Referring expression grounding data:
________________________________________

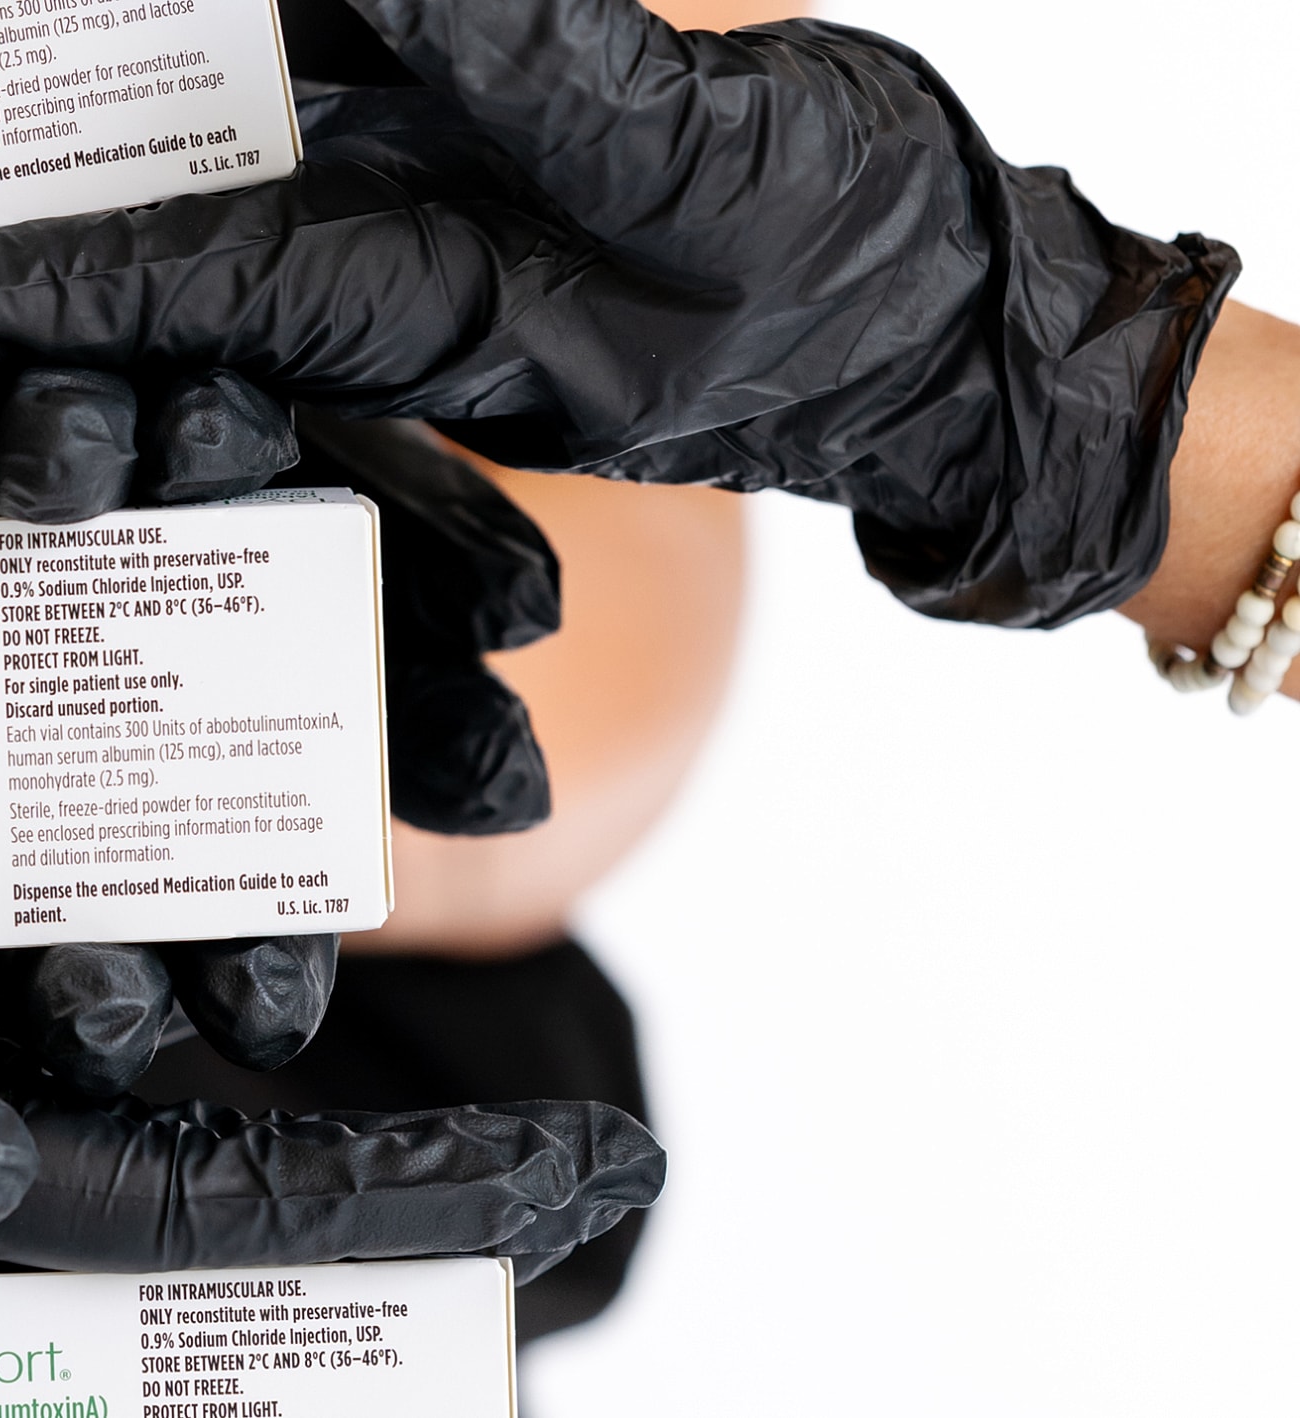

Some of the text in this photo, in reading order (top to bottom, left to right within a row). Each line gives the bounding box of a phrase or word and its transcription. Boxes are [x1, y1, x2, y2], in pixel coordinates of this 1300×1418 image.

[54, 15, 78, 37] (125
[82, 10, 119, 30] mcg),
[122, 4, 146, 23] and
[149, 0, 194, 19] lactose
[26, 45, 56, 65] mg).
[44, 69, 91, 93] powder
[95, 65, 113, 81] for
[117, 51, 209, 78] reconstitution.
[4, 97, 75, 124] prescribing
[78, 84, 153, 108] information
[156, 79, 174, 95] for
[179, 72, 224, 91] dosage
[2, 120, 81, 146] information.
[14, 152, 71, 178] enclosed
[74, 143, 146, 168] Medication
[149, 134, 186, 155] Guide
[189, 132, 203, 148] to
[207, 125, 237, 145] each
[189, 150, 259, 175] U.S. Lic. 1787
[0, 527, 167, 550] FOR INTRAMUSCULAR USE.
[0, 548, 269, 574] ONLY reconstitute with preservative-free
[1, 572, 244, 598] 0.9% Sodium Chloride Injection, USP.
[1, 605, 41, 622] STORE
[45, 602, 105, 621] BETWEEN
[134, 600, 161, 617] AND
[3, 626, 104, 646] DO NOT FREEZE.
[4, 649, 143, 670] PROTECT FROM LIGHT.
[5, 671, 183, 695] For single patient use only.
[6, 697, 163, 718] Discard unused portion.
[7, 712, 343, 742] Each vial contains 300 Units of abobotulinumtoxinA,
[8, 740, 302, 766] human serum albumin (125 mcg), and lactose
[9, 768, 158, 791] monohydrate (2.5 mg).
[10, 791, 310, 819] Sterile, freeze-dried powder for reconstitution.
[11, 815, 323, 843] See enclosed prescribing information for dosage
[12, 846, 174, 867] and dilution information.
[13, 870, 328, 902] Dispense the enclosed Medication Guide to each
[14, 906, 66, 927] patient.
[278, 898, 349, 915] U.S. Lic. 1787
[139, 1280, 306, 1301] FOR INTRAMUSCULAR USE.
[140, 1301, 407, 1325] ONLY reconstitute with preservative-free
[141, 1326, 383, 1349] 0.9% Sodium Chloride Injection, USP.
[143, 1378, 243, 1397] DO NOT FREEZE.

________________________________________

» TASK DESCRIPTION
Repeat every record above exactly. The pictures do not belong in the copy.

» SOLUTION TO THE PROBLEM
Some of the text in this photo, in reading order (top to bottom, left to right within a row). Each line gives the bounding box of a phrase or word and its transcription. Boxes are [x1, y1, x2, y2], in pixel coordinates of this 1300×1418 image.

[54, 15, 78, 37] (125
[82, 10, 119, 30] mcg),
[122, 4, 146, 23] and
[149, 0, 194, 19] lactose
[26, 45, 56, 65] mg).
[44, 69, 91, 93] powder
[95, 65, 113, 81] for
[117, 51, 209, 78] reconstitution.
[4, 97, 75, 124] prescribing
[78, 84, 153, 108] information
[156, 79, 174, 95] for
[179, 72, 224, 91] dosage
[2, 120, 81, 146] information.
[14, 152, 71, 178] enclosed
[74, 143, 146, 168] Medication
[149, 134, 186, 155] Guide
[189, 132, 203, 148] to
[207, 125, 237, 145] each
[189, 150, 259, 175] U.S. Lic. 1787
[0, 527, 167, 550] FOR INTRAMUSCULAR USE.
[0, 548, 269, 574] ONLY reconstitute with preservative-free
[1, 572, 244, 598] 0.9% Sodium Chloride Injection, USP.
[1, 605, 41, 622] STORE
[45, 602, 105, 621] BETWEEN
[134, 600, 161, 617] AND
[3, 626, 104, 646] DO NOT FREEZE.
[4, 649, 143, 670] PROTECT FROM LIGHT.
[5, 671, 183, 695] For single patient use only.
[6, 697, 163, 718] Discard unused portion.
[7, 712, 343, 742] Each vial contains 300 Units of abobotulinumtoxinA,
[8, 740, 302, 766] human serum albumin (125 mcg), and lactose
[9, 768, 158, 791] monohydrate (2.5 mg).
[10, 791, 310, 819] Sterile, freeze-dried powder for reconstitution.
[11, 815, 323, 843] See enclosed prescribing information for dosage
[12, 846, 174, 867] and dilution information.
[13, 870, 328, 902] Dispense the enclosed Medication Guide to each
[14, 906, 66, 927] patient.
[278, 898, 349, 915] U.S. Lic. 1787
[139, 1280, 306, 1301] FOR INTRAMUSCULAR USE.
[140, 1301, 407, 1325] ONLY reconstitute with preservative-free
[141, 1326, 383, 1349] 0.9% Sodium Chloride Injection, USP.
[143, 1378, 243, 1397] DO NOT FREEZE.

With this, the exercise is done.